-------- DATA SHOWN --------

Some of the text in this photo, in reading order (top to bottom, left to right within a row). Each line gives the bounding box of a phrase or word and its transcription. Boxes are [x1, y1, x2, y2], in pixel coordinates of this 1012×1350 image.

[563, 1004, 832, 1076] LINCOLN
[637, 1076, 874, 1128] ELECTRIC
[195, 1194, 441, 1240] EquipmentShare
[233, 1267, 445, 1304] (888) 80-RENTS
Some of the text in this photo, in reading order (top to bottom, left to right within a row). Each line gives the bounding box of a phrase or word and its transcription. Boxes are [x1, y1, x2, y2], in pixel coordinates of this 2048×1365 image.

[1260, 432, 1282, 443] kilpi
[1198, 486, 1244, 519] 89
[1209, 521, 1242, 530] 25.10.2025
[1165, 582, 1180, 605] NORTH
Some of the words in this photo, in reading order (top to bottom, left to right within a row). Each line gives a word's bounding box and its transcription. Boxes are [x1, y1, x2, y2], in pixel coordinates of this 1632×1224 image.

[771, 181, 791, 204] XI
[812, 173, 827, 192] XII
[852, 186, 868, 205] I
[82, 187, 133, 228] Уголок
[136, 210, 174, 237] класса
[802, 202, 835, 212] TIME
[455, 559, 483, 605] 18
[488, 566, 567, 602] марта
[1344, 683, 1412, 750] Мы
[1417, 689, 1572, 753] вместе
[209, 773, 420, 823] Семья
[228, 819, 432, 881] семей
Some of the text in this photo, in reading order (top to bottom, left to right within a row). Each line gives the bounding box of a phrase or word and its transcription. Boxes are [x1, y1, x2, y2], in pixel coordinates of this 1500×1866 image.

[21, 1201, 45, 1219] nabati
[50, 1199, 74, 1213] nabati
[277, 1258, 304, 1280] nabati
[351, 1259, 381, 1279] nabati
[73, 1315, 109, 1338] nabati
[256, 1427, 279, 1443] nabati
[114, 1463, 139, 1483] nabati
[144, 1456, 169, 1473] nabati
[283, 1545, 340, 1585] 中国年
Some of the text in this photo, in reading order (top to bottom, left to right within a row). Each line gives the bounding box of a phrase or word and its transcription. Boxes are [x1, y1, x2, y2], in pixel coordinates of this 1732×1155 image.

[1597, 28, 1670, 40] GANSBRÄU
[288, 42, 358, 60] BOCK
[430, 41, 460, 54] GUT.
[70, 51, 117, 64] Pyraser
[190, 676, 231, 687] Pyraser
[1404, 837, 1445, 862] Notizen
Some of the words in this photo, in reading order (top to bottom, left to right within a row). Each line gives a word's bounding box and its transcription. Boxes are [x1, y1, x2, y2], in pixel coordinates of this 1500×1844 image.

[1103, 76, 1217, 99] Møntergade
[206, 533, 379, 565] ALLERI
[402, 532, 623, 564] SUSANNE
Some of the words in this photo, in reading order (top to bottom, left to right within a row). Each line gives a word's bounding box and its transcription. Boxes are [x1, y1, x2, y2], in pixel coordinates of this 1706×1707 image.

--------

▸ TASK BRIEF
What you return should match the data character for character.

▸ REPLY
Some of the text in this photo, in reading order (top to bottom, left to right within a row). Each line gives the bounding box of a phrase or word and its transcription. Boxes are [x1, y1, x2, y2], in pixel coordinates of this 1012×1350 image.

[563, 1004, 832, 1076] LINCOLN
[637, 1076, 874, 1128] ELECTRIC
[195, 1194, 441, 1240] EquipmentShare
[233, 1267, 445, 1304] (888) 80-RENTS
Some of the text in this photo, in reading order (top to bottom, left to right within a row). Each line gives the bounding box of a phrase or word and its transcription. Boxes are [x1, y1, x2, y2], in pixel coordinates of this 2048×1365 image.

[1260, 432, 1282, 443] kilpi
[1198, 486, 1244, 519] 89
[1209, 521, 1242, 530] 25.10.2025
[1165, 582, 1180, 605] NORTH
Some of the words in this photo, in reading order (top to bottom, left to right within a row). Each line gives a word's bounding box and its transcription. Boxes are [x1, y1, x2, y2], in pixel coordinates of this 1632×1224 image.

[771, 181, 791, 204] XI
[812, 173, 827, 192] XII
[852, 186, 868, 205] I
[82, 187, 133, 228] Уголок
[136, 210, 174, 237] класса
[802, 202, 835, 212] TIME
[455, 559, 483, 605] 18
[488, 566, 567, 602] марта
[1344, 683, 1412, 750] Мы
[1417, 689, 1572, 753] вместе
[209, 773, 420, 823] Семья
[228, 819, 432, 881] семей
Some of the text in this photo, in reading order (top to bottom, left to right within a row). Each line gives the bounding box of a phrase or word and its transcription. Boxes are [x1, y1, x2, y2], in pixel coordinates of this 1500×1866 image.

[21, 1201, 45, 1219] nabati
[50, 1199, 74, 1213] nabati
[277, 1258, 304, 1280] nabati
[351, 1259, 381, 1279] nabati
[73, 1315, 109, 1338] nabati
[256, 1427, 279, 1443] nabati
[114, 1463, 139, 1483] nabati
[144, 1456, 169, 1473] nabati
[283, 1545, 340, 1585] 中国年
Some of the text in this photo, in reading order (top to bottom, left to right within a row). Each line gives the bounding box of a phrase or word and its transcription. Boxes are [x1, y1, x2, y2], in pixel coordinates of this 1732×1155 image.

[1597, 28, 1670, 40] GANSBRÄU
[288, 42, 358, 60] BOCK
[430, 41, 460, 54] GUT.
[70, 51, 117, 64] Pyraser
[190, 676, 231, 687] Pyraser
[1404, 837, 1445, 862] Notizen
Some of the words in this photo, in reading order (top to bottom, left to right within a row). Each line gives a word's bounding box and its transcription. Boxes are [x1, y1, x2, y2], in pixel coordinates of this 1500×1844 image.

[1103, 76, 1217, 99] Møntergade
[206, 533, 379, 565] ALLERI
[402, 532, 623, 564] SUSANNE
Some of the words in this photo, in reading order (top to bottom, left to right within a row). Each line gives a word's bounding box and its transcription. Boxes are [x1, y1, x2, y2], in pixel coordinates of this 1706×1707 image.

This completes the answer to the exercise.